Irving's Queen Esther Evaluation – An Underwhelming Follow-up to His Classic Work
If a few authors have an imperial phase, during which they reach the summit consistently, then American author John Irving’s lasted through a series of several fat, rewarding novels, from his 1978 hit Garp to the 1989 release A Prayer for Owen Meany. Those were rich, witty, compassionate books, linking protagonists he calls “outliers” to cultural themes from women's rights to termination.
Following Owen Meany, it’s been diminishing results, save in size. His most recent work, 2022’s The Last Chairlift, was nine hundred pages long of topics Irving had examined more skillfully in previous books (inability to speak, restricted growth, trans issues), with a two-hundred-page film script in the middle to pad it out – as if padding were necessary.
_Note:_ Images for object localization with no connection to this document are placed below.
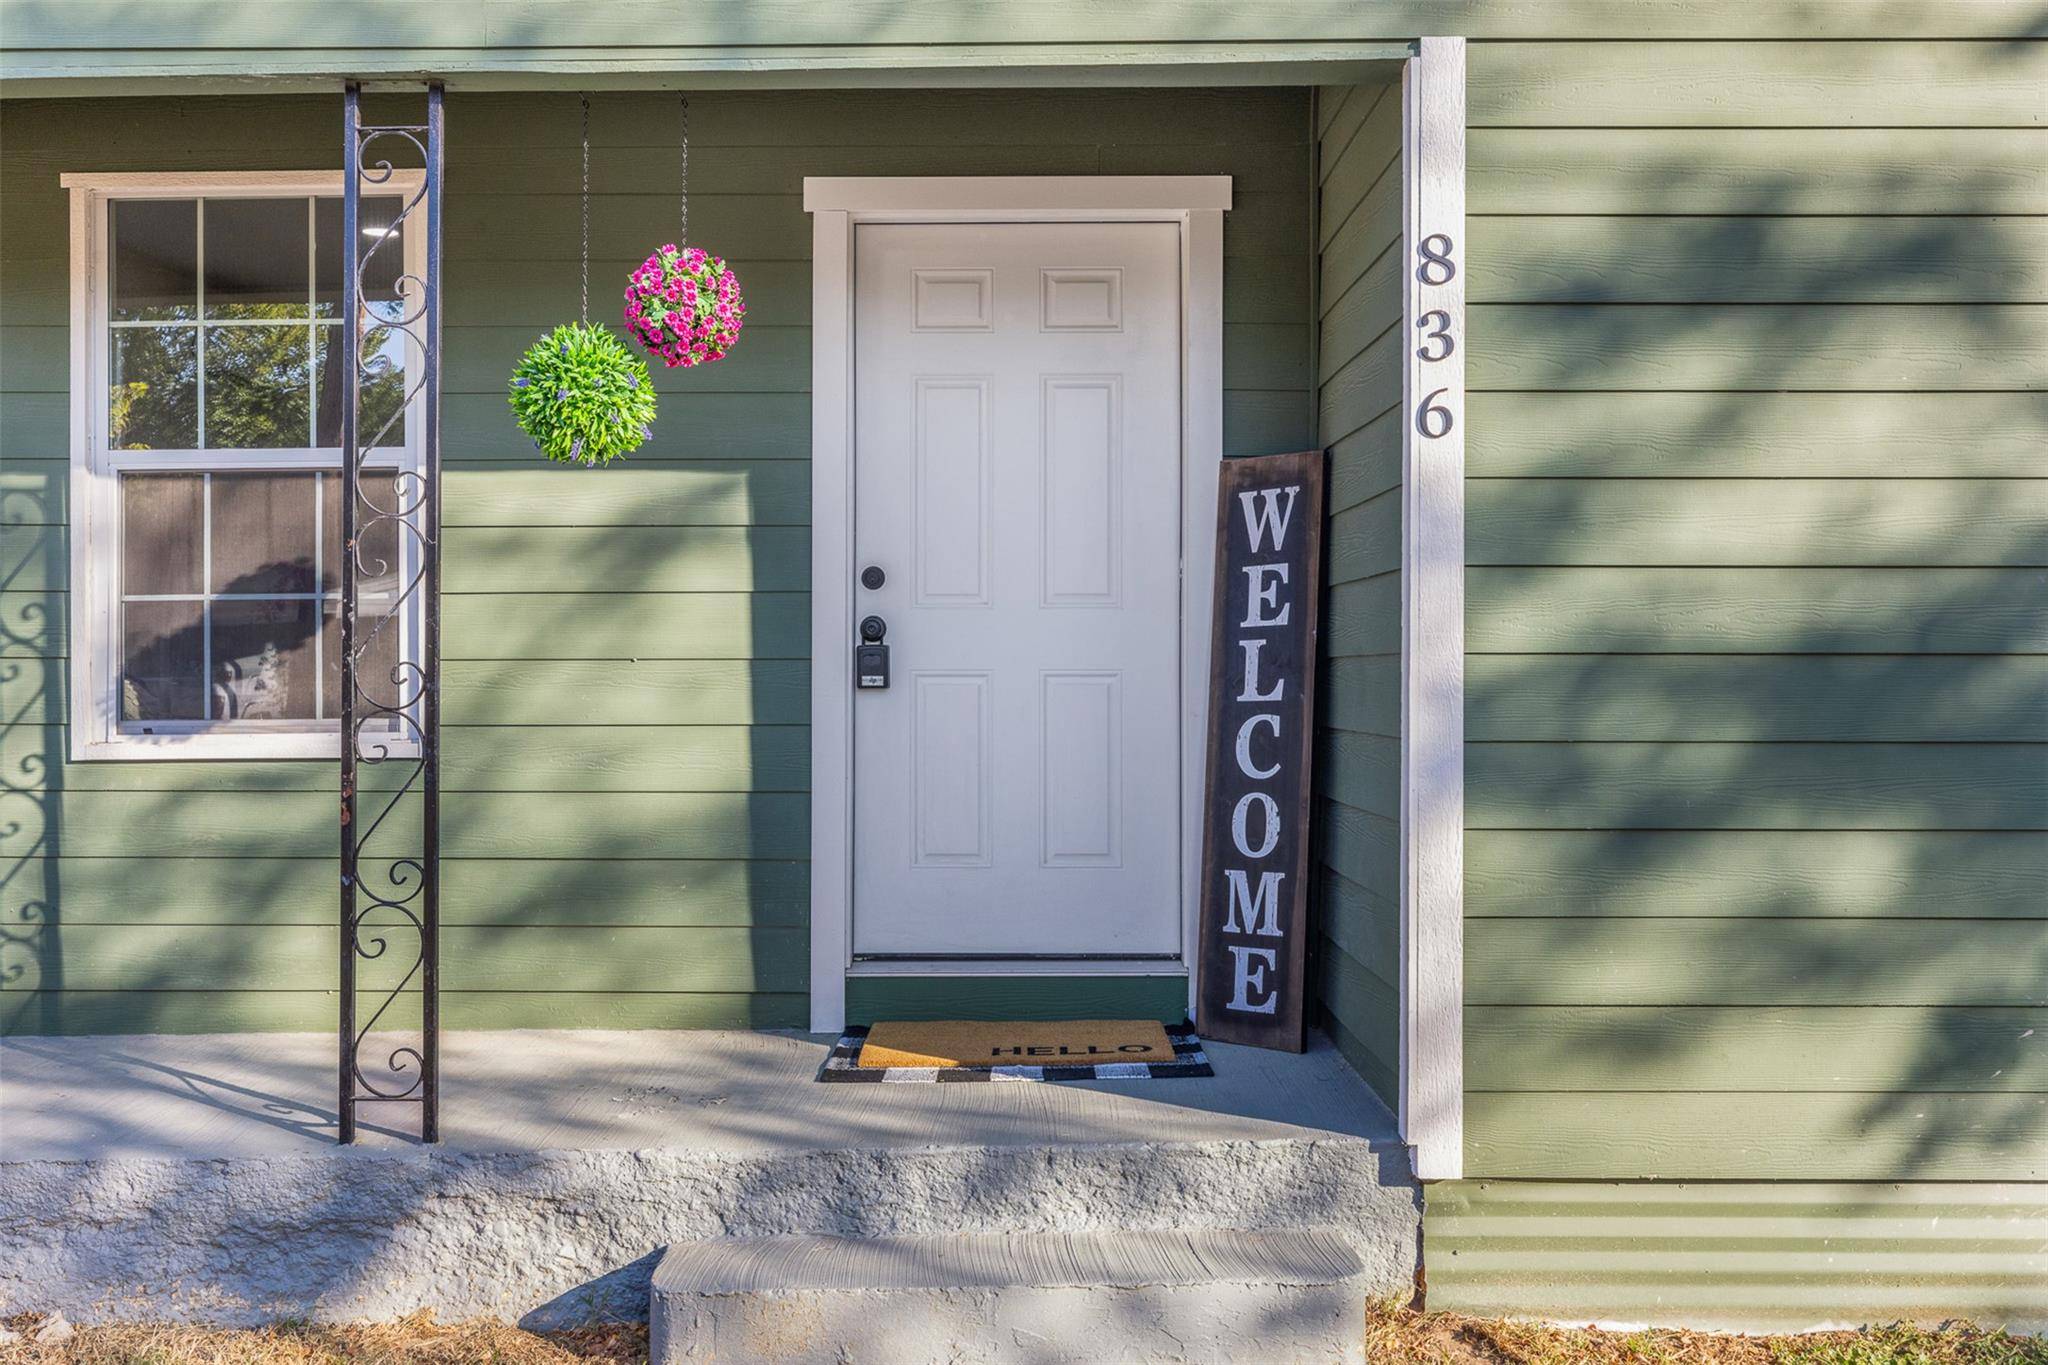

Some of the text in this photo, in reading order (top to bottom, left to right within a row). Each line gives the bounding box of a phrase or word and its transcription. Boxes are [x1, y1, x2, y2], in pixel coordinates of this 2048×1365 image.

[1415, 233, 1456, 439] 836
[1222, 485, 1300, 1014] WELCOME
[992, 1044, 1153, 1056] HELLO
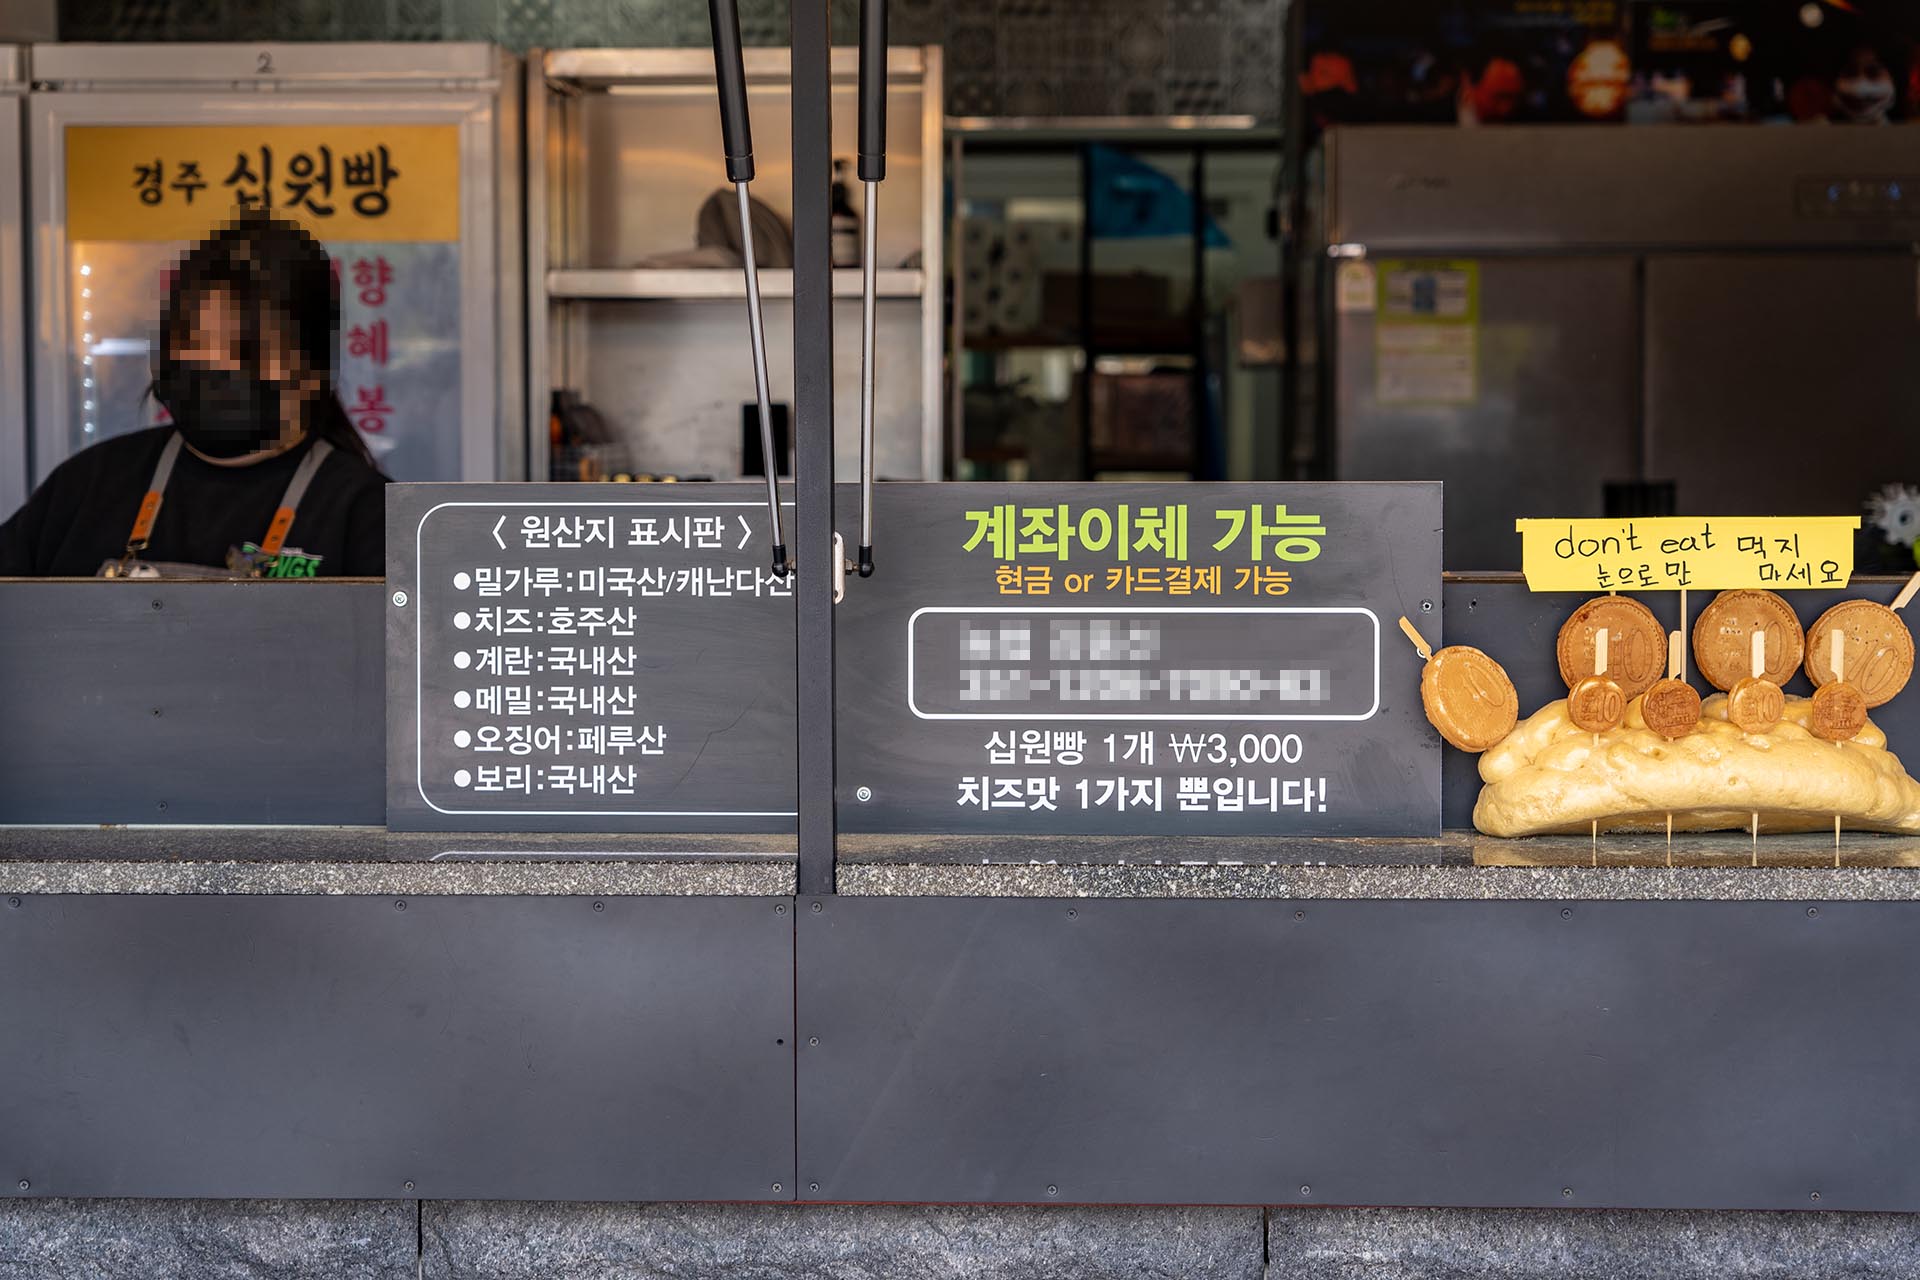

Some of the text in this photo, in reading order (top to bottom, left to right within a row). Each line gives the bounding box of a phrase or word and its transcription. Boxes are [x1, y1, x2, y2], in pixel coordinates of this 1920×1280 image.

[256, 52, 274, 73] 2
[133, 144, 399, 217] 경주 십원빵
[520, 515, 726, 549] 원산지 표시판
[963, 505, 1326, 561] 계좌이체 가능
[1554, 523, 1800, 559] don't eat 먹지
[995, 566, 1293, 596] 현금 or 카드결제 가능
[1759, 559, 1843, 584] 마세요
[474, 606, 638, 637] 치즈:호주산
[474, 645, 638, 677] 계란:국내산
[474, 685, 638, 716] 메밀:국내산
[473, 724, 668, 756] 오징어:페루산
[983, 730, 1303, 770] 십원빵 1개 ₩3,000
[474, 764, 638, 795] 보리:국내산
[956, 776, 1328, 813] 치즈맛 1가지 뿐입니다!
So we look at a latest Irving with reservation but still a small spark of expectation, which glows stronger when we discover that Queen Esther – a only 432 pages long – “returns to the universe of The Cider House Novel”. That 1985 work is among Irving’s very best novels, located primarily in an children's home in the town of St Cloud’s, operated by Wilbur Larch and his protege Homer Wells.
The book is a disappointment from a author who once gave such pleasure
In Cider House, Irving explored abortion and identity with richness, humor and an total understanding. And it was a major novel because it moved past the subjects that were becoming annoying tics in his novels: wrestling, ursine creatures, the city of Vienna, sex work.
Queen Esther opens in the imaginary village of the Penacook area in the twentieth century's dawn, where the Winslow couple welcome young ward Esther from St Cloud’s. We are a several years before the storyline of His Earlier Novel, yet Wilbur Larch is still recognisable: even then addicted to the drug, beloved by his nurses, beginning every address with “Here in St Cloud’s …” But his appearance in the book is limited to these initial scenes.
The couple fret about parenting Esther well: she’s Jewish, and “in what way could they help a adolescent Jewish girl discover her identity?” To answer that, we jump ahead to Esther’s adulthood in the Roaring Twenties. She will be part of the Jewish migration to the region, where she will join the Haganah, the Jewish nationalist armed force whose “purpose was to protect Jewish settlements from opposition” and which would eventually establish the basis of the IDF.
Such are huge subjects to take on, but having presented them, Irving dodges out. Because if it’s frustrating that Queen Esther is not actually about St Cloud's and Dr Larch, it’s still more disappointing that it’s additionally not really concerning Esther. For reasons that must involve narrative construction, Esther turns into a substitute parent for a different of the Winslows’ daughters, and gives birth to a son, James, in World War II era – and the bulk of this book is his story.
And here is where Irving’s preoccupations return strongly, both typical and particular. Jimmy goes to – naturally – the Austrian capital; there’s mention of dodging the Vietnam draft through self-harm (Owen Meany); a dog with a significant designation (the animal, remember the earlier dog from His Hotel Novel); as well as the sport, sex workers, novelists and genitalia (Irving’s recurring).
The character is a less interesting character than the heroine suggested to be, and the minor players, such as young people Claude and Jolanda, and Jimmy’s instructor Eissler, are flat as well. There are a few nice episodes – Jimmy his first sexual experience; a confrontation where a couple of thugs get assaulted with a support and a tire pump – but they’re here and gone.
Irving has not ever been a nuanced novelist, but that is is not the issue. He has repeatedly repeated his arguments, foreshadowed plot developments and let them to accumulate in the reader’s mind before bringing them to fruition in long, shocking, funny moments. For case, in Irving’s books, physical elements tend to go missing: remember the oral part in Garp, the digit in Owen Meany. Those losses reverberate through the story. In this novel, a key character loses an arm – but we only find out 30 pages later the conclusion.
She returns toward the end in the story, but just with a eleventh-hour sense of ending the story. We never discover the complete narrative of her time in the Middle East. The book is a disappointment from a novelist who in the past gave such joy. That’s the bad news. The upside is that Cider House – I reread it alongside this book – still stands up beautifully, 40 years on. So pick up that as an alternative: it’s twice as long as this book, but 12 times as good.